Before being acquired by Square, Afterpay said 80-90% of its installment payments were made by debit cards. And the estimate for all of buy now pay later is 75-80% of installment payments are made by debit cards. One processing fee for Visa and Mastercard now becomes 4. Over time I think we’ll see the growth of Buy Now Pay Later as another channel for increased volume on Visa’s and Mastercard’s payment rails.
This is not to say there are no risks with buy now pay later to Visa’s business moat, for example bypassing Visa and Mastercard’s payment rails by going direct to bank accounts, but the narrative that Buy Now Pay Later will take out Visa and MasterCard is more hype than reality. But the narrative is there and it’s hard to shake. So that is adding pressure to Visa’s stock.
A high starting multiple, then add some new negative narratives, plus lowered expectations for a rebound in cross-border volumes, and you can see why some initial price weakness leads to more price weakness. Momentum is a factor.
Buy Visa?
After this drawdown is Visa’s stock attractive. Does it offer a good risk-reward profile?
When I look at the last 10 years for Visa’s P/E and EV to EBITDA multiples, their mean, and standard deviation. It’s approaching its 10-year average. This is after moving high above the upper bound. What usually happens here is an overshoot and as it approaches the lower bound. Again, momentum.
If it does reach or drop below the lower bound, it should be a great buying opportunity for Visa. Because I believe there will be a settlement with Amazon and the narrative around BNPL and disruption will change too. And at the time the market will discount Visa’s future too much.
And even at Visa’s current price and multiple, it’s a decent risk-reward. The consensus is for 15+% earnings growth over the next 5 years or so. Visa’s current return on invested capital is 24%. We bumped our required return up to 16% because of the 15% growth. Based on this our justified PE ratio is 37-38 times. Visa’s current PE is 35. Now if you want a higher rate of return that would bring the justified PE ratio down and lower the target price for Visa.

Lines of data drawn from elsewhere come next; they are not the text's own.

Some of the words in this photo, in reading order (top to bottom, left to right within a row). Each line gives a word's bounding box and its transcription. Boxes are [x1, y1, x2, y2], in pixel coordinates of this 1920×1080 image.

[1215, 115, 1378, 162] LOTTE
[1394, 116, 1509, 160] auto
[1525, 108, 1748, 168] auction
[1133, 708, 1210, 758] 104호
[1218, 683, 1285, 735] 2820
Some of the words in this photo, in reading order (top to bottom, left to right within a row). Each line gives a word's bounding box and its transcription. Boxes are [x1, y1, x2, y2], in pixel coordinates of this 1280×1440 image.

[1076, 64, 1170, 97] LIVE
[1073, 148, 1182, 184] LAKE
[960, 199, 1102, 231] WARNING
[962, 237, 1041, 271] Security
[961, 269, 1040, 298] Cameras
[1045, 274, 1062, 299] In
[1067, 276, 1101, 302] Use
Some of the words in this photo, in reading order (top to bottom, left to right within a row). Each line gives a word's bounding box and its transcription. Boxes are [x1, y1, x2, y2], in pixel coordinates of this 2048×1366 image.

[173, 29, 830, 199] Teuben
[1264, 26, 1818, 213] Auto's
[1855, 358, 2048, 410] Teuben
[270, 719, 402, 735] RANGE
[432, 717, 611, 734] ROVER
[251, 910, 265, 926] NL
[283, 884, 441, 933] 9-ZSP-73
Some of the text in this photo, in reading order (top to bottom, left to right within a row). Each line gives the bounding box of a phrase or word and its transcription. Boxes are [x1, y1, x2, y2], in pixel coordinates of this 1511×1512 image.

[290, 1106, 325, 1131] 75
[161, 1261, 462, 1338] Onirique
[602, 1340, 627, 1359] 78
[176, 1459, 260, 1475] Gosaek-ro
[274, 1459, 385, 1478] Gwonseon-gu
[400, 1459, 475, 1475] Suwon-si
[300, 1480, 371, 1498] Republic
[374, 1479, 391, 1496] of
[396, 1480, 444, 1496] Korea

Then when I break down the market-implied price expectations as outlined in Michael Mauboussin’s book Expectations Investing, I see that the market is really only giving Visa credit for 10% revenue growth versus the consensus 15% growth. I’m keeping Visa’s operating margin the same because I don’t see an immediate catalyst for Visa’s operating margin to shrink. The market-implied price is expecting slower growth.
If the consensus plays out then the market is currently underpricing Visa’s future.
We’re adding here and we’ll add more if it goes lower. We never know when the bottom will be and I can guarantee that we will not time the bottom in Visa’s stock price. We just want to put money to work when we think the long-term risk/reward is favorable. The caveat is if the underlying fundamentals of Visa’s business do not deteriorate.